Segment Start: Records shown

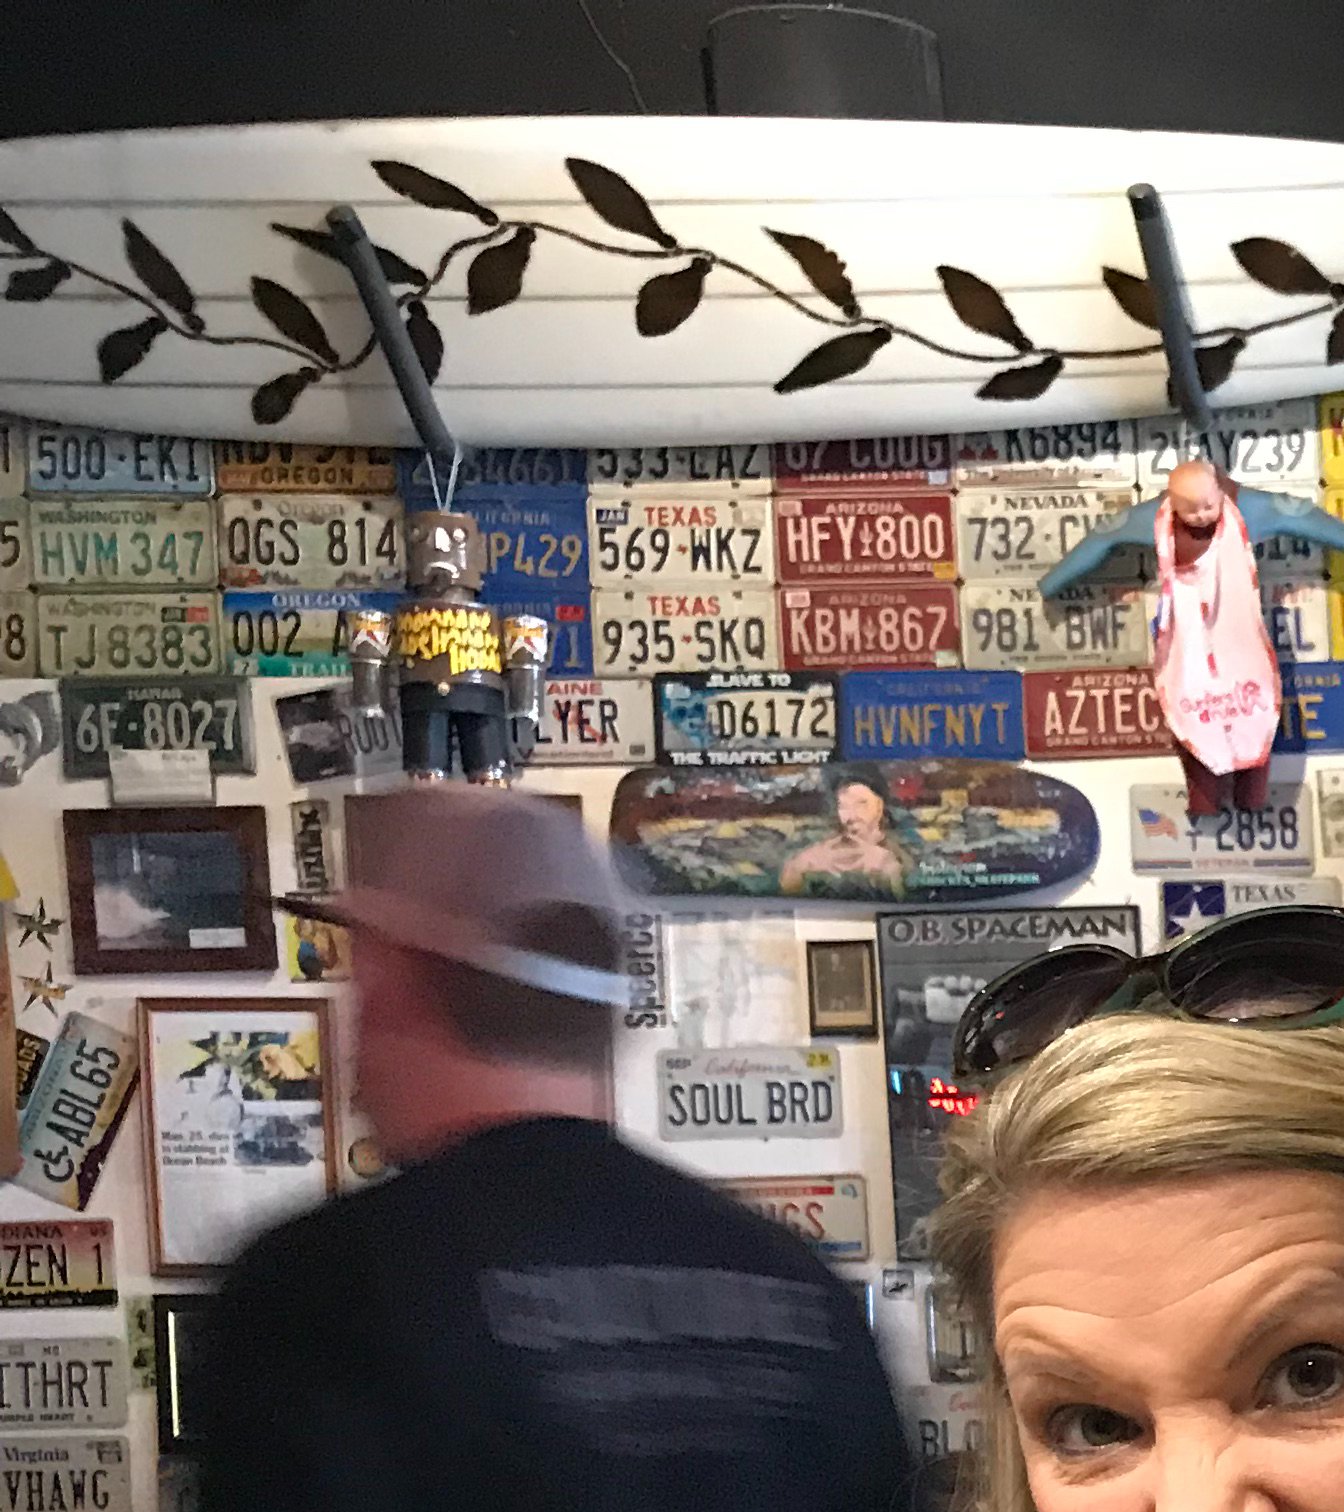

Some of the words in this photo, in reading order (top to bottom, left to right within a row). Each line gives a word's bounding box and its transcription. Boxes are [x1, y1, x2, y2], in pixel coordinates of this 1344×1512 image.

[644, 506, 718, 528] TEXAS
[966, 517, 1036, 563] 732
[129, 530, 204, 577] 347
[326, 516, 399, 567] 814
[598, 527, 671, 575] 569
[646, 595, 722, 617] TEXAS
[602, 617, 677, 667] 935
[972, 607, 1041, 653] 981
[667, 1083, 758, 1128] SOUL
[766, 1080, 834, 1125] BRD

Segment End: Records shown

Every entry must be reproduced exactly, with the images left out.

Some of the words in this photo, in reading order (top to bottom, left to right within a row). Each line gives a word's bounding box and its transcription. Boxes are [x1, y1, x2, y2], in pixel coordinates of this 1344×1512 image.

[644, 506, 718, 528] TEXAS
[966, 517, 1036, 563] 732
[129, 530, 204, 577] 347
[326, 516, 399, 567] 814
[598, 527, 671, 575] 569
[646, 595, 722, 617] TEXAS
[602, 617, 677, 667] 935
[972, 607, 1041, 653] 981
[667, 1083, 758, 1128] SOUL
[766, 1080, 834, 1125] BRD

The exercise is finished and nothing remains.